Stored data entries

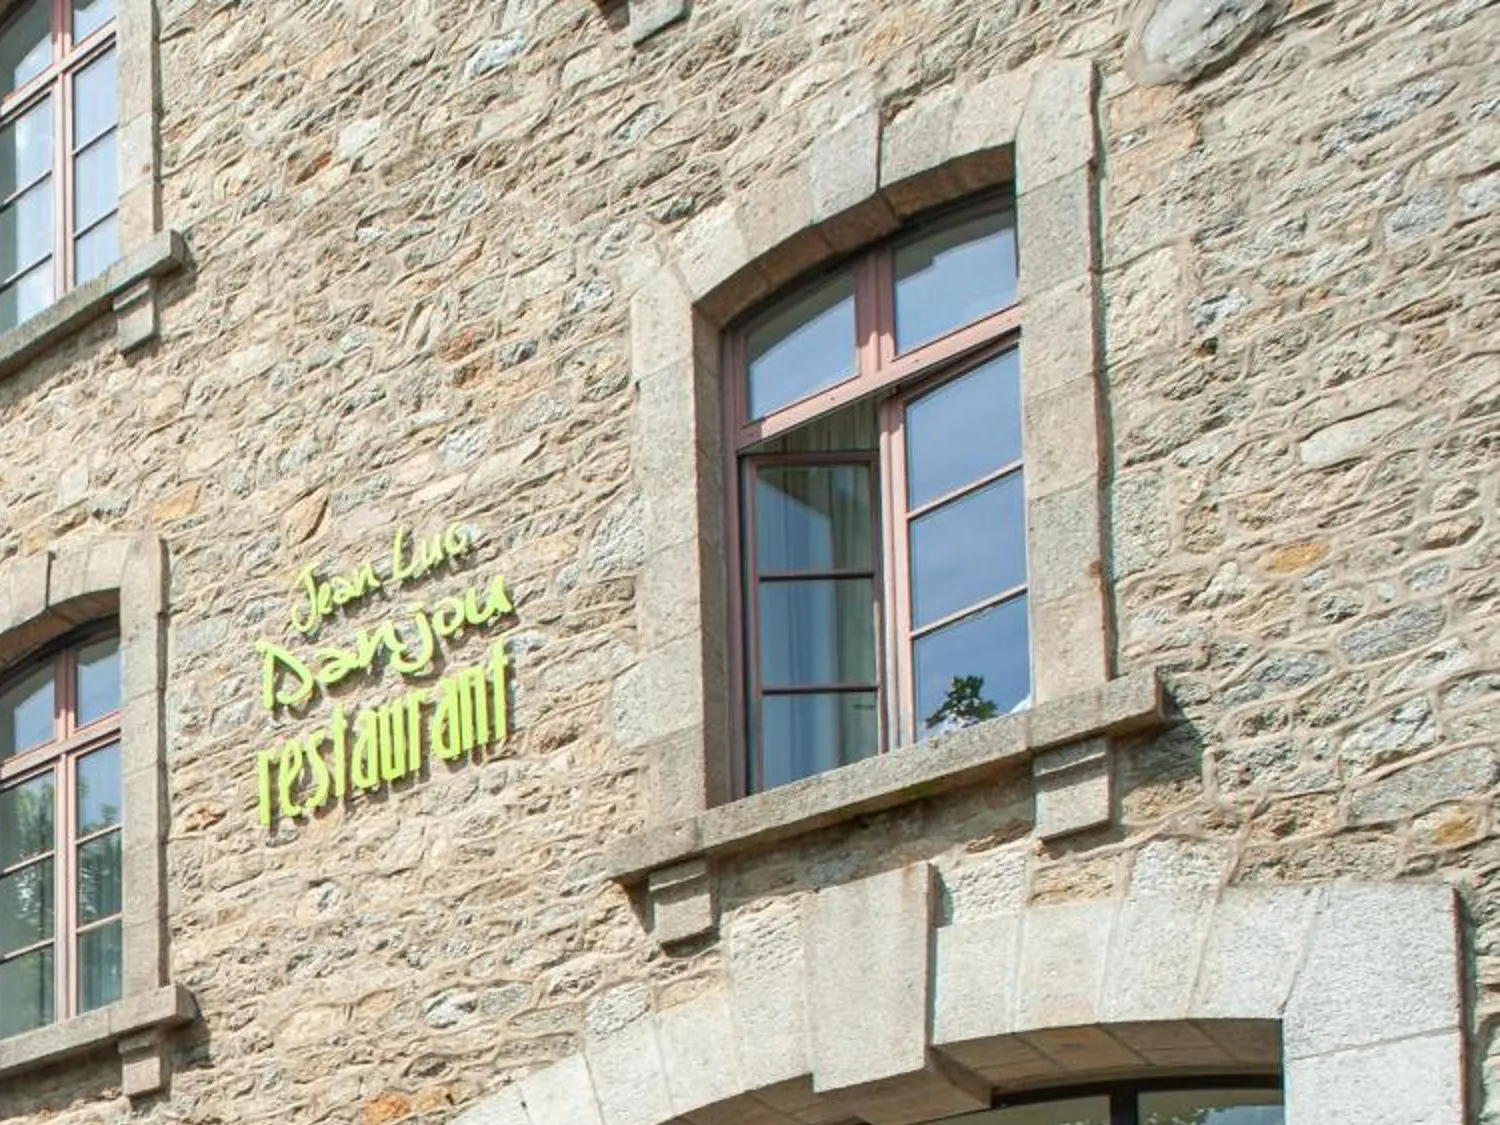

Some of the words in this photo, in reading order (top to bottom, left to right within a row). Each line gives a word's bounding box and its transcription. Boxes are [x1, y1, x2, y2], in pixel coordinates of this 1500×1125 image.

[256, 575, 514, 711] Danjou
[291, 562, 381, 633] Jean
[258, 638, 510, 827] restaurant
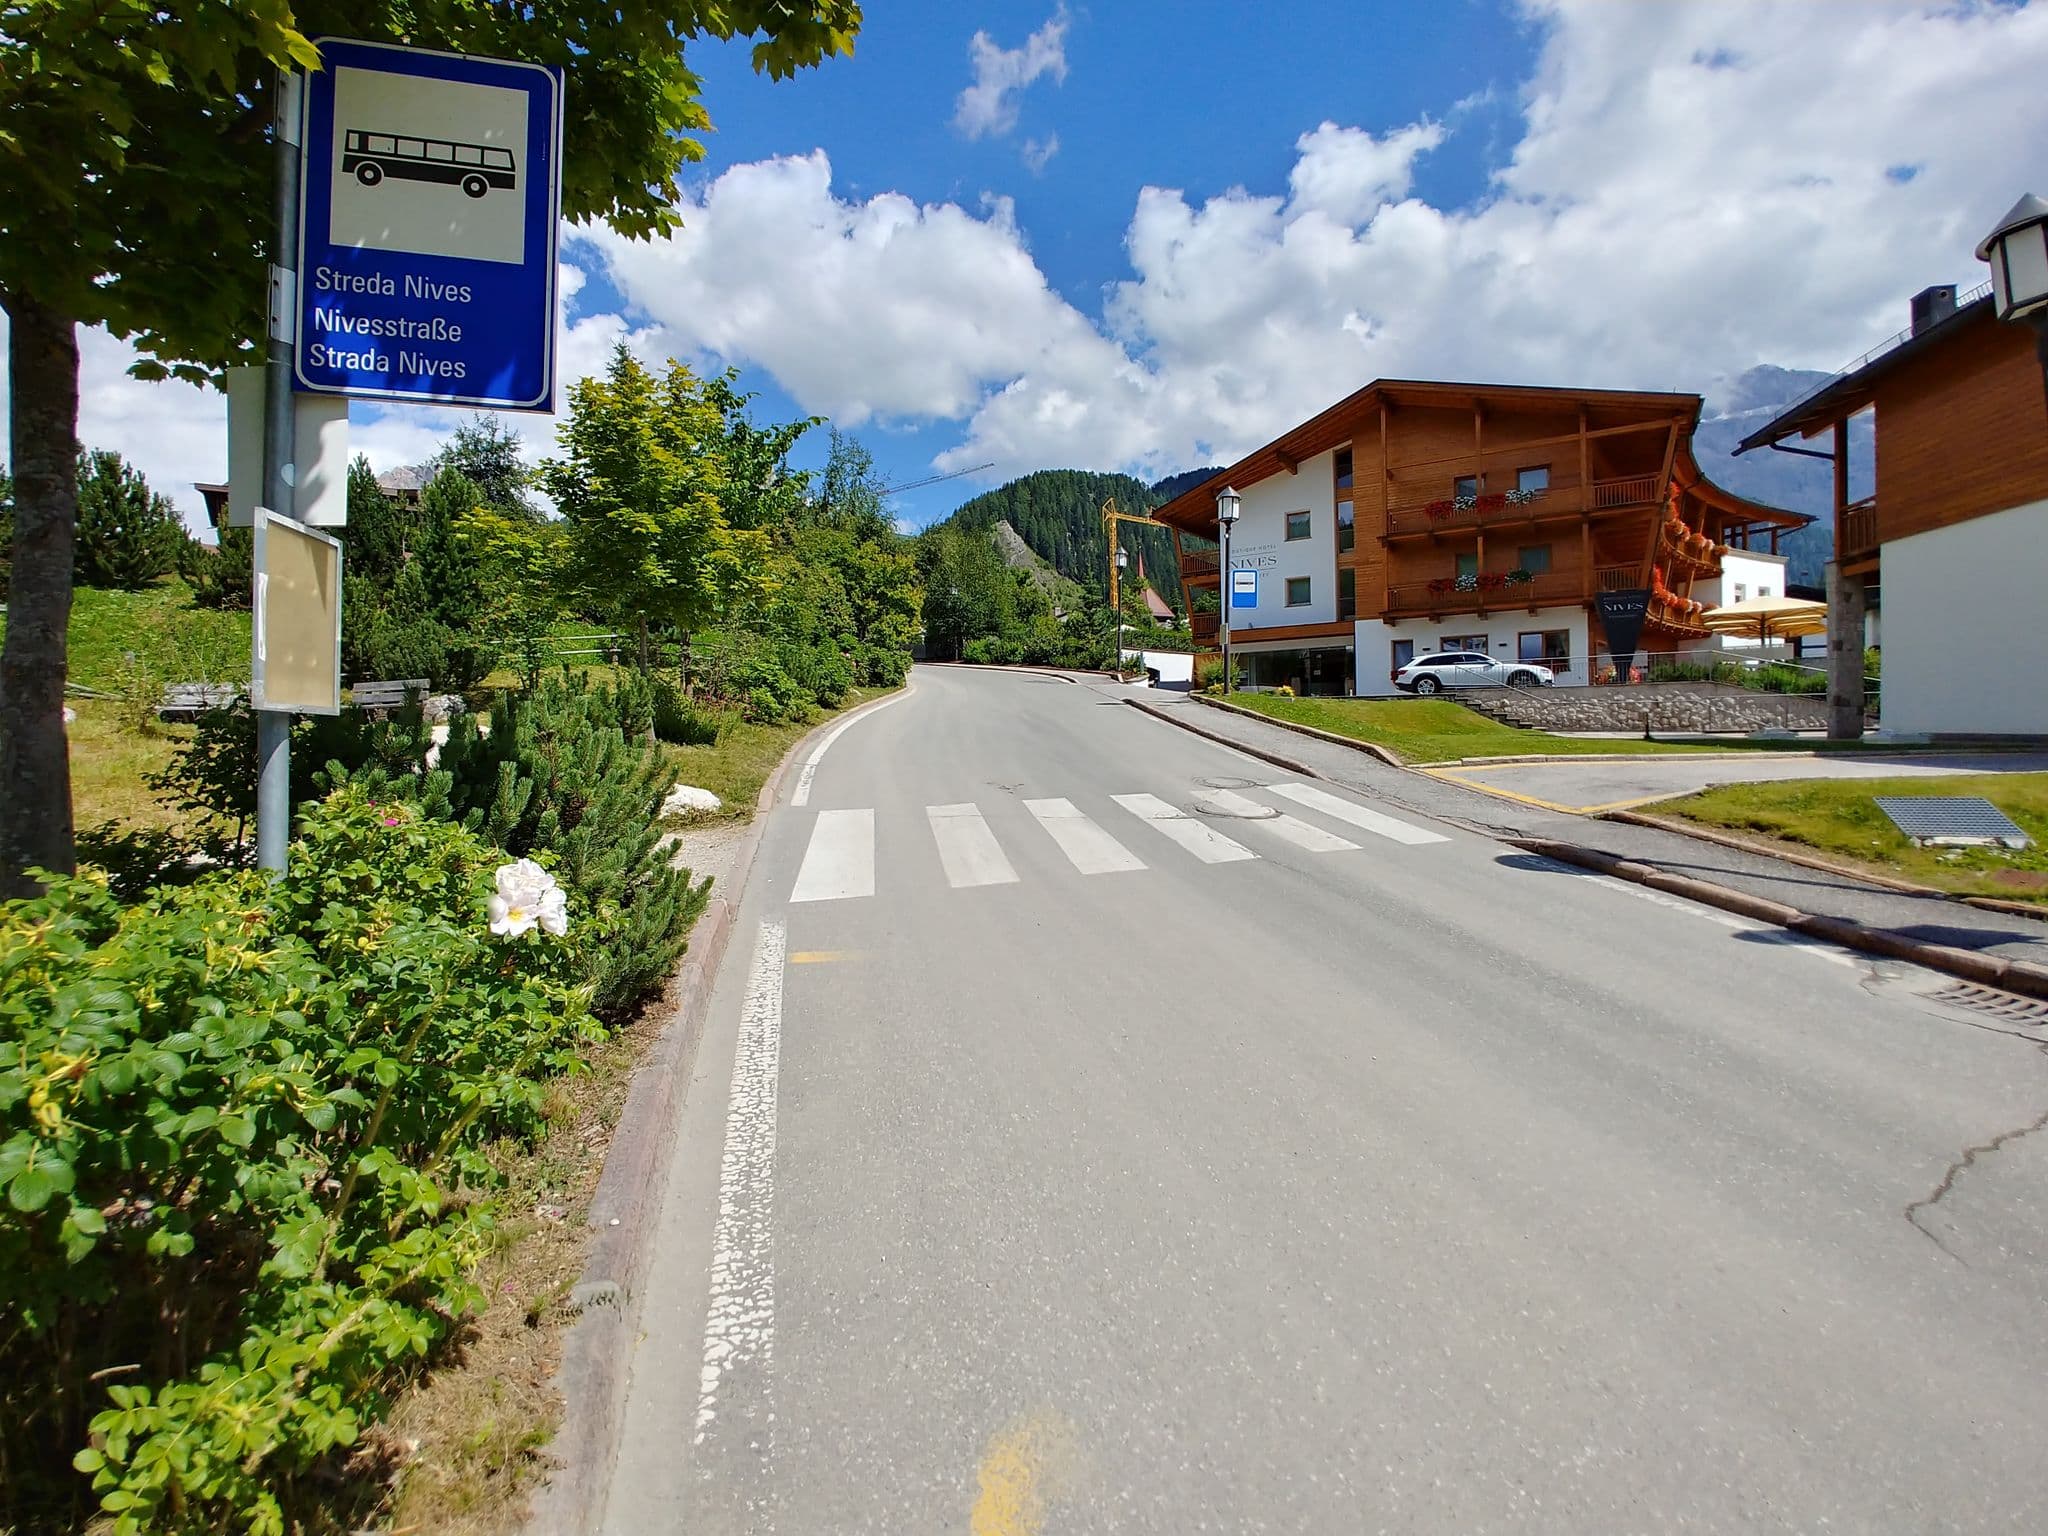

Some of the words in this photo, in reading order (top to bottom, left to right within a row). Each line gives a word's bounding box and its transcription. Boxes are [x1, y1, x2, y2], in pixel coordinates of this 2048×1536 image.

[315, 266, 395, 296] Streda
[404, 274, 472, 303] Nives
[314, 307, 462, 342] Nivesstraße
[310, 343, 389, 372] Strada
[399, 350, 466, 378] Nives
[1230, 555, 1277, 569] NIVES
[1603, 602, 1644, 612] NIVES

* Try it *
Retype every record as it stands. None of the pictures should appear.

* Task solution *
Some of the words in this photo, in reading order (top to bottom, left to right within a row). Each line gives a word's bounding box and its transcription. Boxes are [x1, y1, x2, y2], in pixel coordinates of this 1500×1125 image.

[256, 575, 514, 711] Danjou
[291, 562, 381, 633] Jean
[258, 638, 510, 827] restaurant

Some of the words in this photo, in reading order (top to bottom, left to right within a row). Each line gives a word's bounding box and its transcription. Boxes are [x1, y1, x2, y2], in pixel coordinates of this 2048×1536 image.

[315, 266, 395, 296] Streda
[404, 274, 472, 303] Nives
[314, 307, 462, 342] Nivesstraße
[310, 343, 389, 372] Strada
[399, 350, 466, 378] Nives
[1230, 555, 1277, 569] NIVES
[1603, 602, 1644, 612] NIVES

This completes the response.